James Cummings, 29, decided he didn’t like the lifestyle after spending a year as a lawyer with Kuwait’s foreign oil company. Fearing for the safety of his wife and infant son after some U.S. marines were shot, he brought his family home to Calgary.
“If not for the stuff going on with Iraq, I would have stayed,” said Cummings, now a consultant.
“You gain so much more in life experience and career experience than you would here. Even if you get chased home as I did, I wouldn’t trade the experience for anything.”
His father, Jim Cummings, also a Calgary-based lawyer who has worked extensively in Iraq and sends lawyers to Kuwait and Indonesia, said there is a “huge pull” for young men and women to go overseas and better their condition.
“Whether you be geophysicist, engineer, lawyer, if you want to be associated with the petroleum industry, you really have little choice but to go overseas as our Western Basin declines,” said the elder Cummings.
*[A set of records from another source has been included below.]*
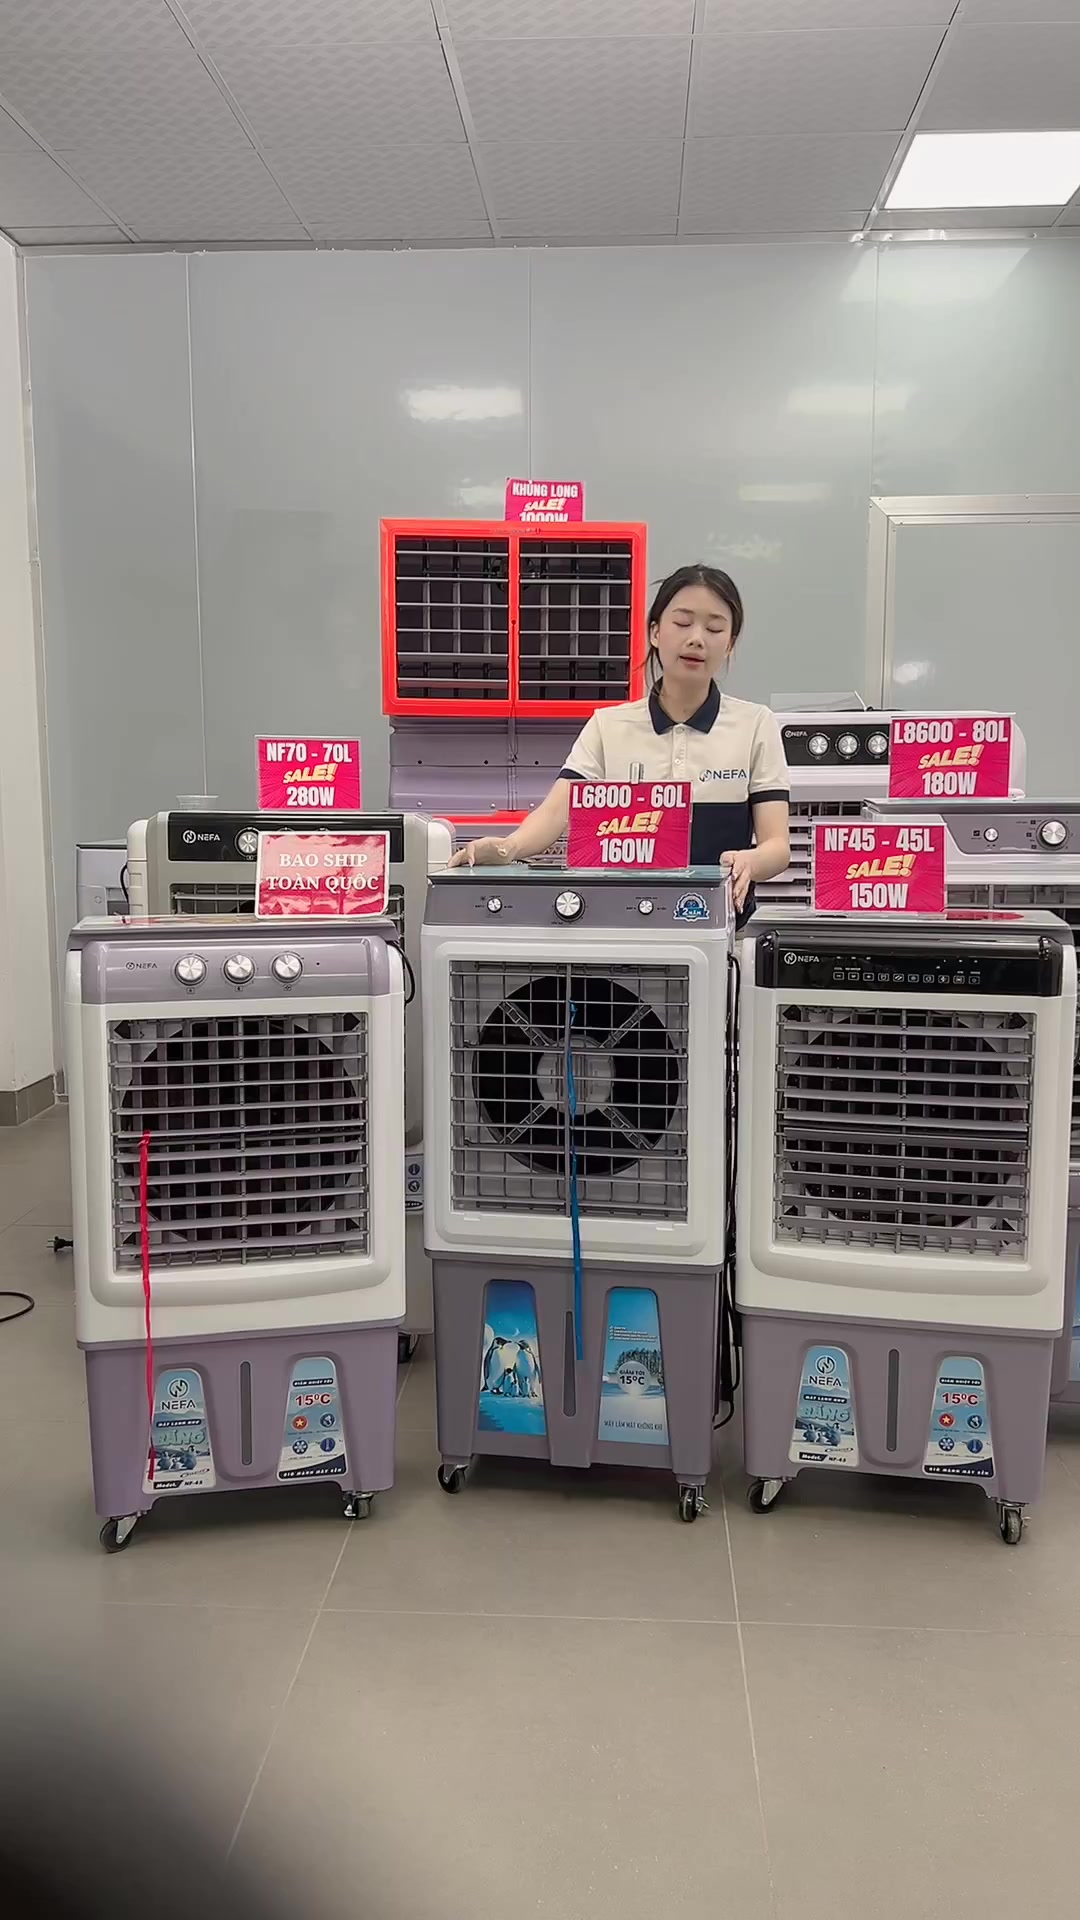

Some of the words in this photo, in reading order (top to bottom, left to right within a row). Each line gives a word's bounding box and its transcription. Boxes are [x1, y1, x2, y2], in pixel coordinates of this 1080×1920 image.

[512, 480, 548, 497] KHỦNG
[550, 484, 578, 498] LONG
[523, 498, 567, 511] SALE!
[893, 722, 953, 744] L8600
[972, 721, 1008, 742] 80L
[266, 742, 307, 762] NF70
[322, 743, 352, 763] 70L
[918, 744, 984, 769] SALE!
[282, 763, 338, 783] SALE!
[713, 769, 747, 779] NEFA
[921, 771, 977, 795] 180W
[286, 786, 335, 806] 280W
[572, 784, 632, 808] L6800
[651, 784, 686, 808] 60L
[596, 810, 664, 836] SALE!
[197, 833, 220, 841] NEFA
[824, 828, 875, 852] NF45
[895, 828, 935, 852] 45L
[279, 853, 318, 867] BAO
[323, 853, 368, 867] SHIP
[599, 838, 656, 863] 160W
[845, 854, 917, 879] SALE!
[265, 871, 320, 890] TOÀN
[325, 871, 379, 893] QUỐC
[848, 883, 908, 909] 150W
[797, 955, 820, 963] NEFA
[809, 1376, 842, 1387] NEFA
[161, 1399, 196, 1410] NEFA
A drop in exploration, the high cost of operating an oil company in Canada and this country’s tax regime are pushing employees to other countries, he said.
“Take a young man who has five or six years of energy experience,” said Cummings. “He can go over to Kuwait. It’s tax-free. If he works there for five or six years, he’s set up for life . . . Canada is quickly dropping into Third World status, if you look at the value of the income that you make and the cost of living, your income after expenses. You can go abroad and you’re paid in U.S. dollars – real dollars – and you can save an awful lot of money.”
Cummings predicted Albertans and other Canadians will play a large role in rebuilding Iraq if the U.S. or UN ousts Saddam Hussein.
With Iraq holding 17 per cent of the world’s oil reserves, said Cummings, the first priority after a new government is installed will be to get the oil flowing, rebuild and modernize oilfields with new equipment and technologies, and get untapped oil to market.
“I would dare say the Haliburtons, the Schlumbergers, the EnCanas, the Talismans . . . will all be investing very heavily in Iraq as part of the world efforts to bring the country into the new age, so to speak,” said Cummings, a partner with Calgary-based International Energy Counsel, who visited Iraq last year. “So I would think in the next six months there would be literally thousands of Canadians working in Iraq to help rebuild the country.”
In the meantime, most energy personnel who are already in the Middle East appear willing to stay, even in high-risk Yemen, which has been the scene of bombings, kidnappings and killings.
Bob Kells, director of security for Calgary-based Nexen Inc., which has operations in Yemen, said some employees have returned because of security or family concerns, such as a sick parent or child.
“But I don’t see that there’s a great change in the number of people that want to not rotate because of security, or the fears of flying, or just working in the Middle East,” said Kells.
Dave Parr, manager of corporate security for BP Canada Energy Co. and a member of an informal group known as the National Energy Security Professionals, said he’s not aware of any difficulties filling positions in the Middle East.
“(Experienced employees) know the people, they know the culture, they feel comfortable going over there,” said Parr, whose company has operations in Afghanistan and Pakistan.
Parr said companies appear more sympathetic than they were in the past to employees who want to transfer home.
“(A transfer request) will be viewed with more respect because of the concern in the current state of the world,” said Parr. “In times of peace, if people wanted to be transferred back, I’m sure they would have been allowed to transfer back. But it may have affected their careers.”
Alberta companies with operations in the Middle East include Petro-Canada, EnCana and Talisman. Alan Boras, a spokesman for Calgary-based EnCana, which has limited activities in the Middle East, said his company hires mostly nationals rather than ex-pats. “We have so few people there, I don’t think (filling positions is) a concern,” he said.
Petro-Canada spokeswoman Michelle Harries said her company also hires mostly nationals, but the company is monitoring the Middle East situation closely. She noted that, following the Gulf War, Petro-Canada did not change its operations.
So, if there is a war in Iraq, “We’re expecting business as usual.”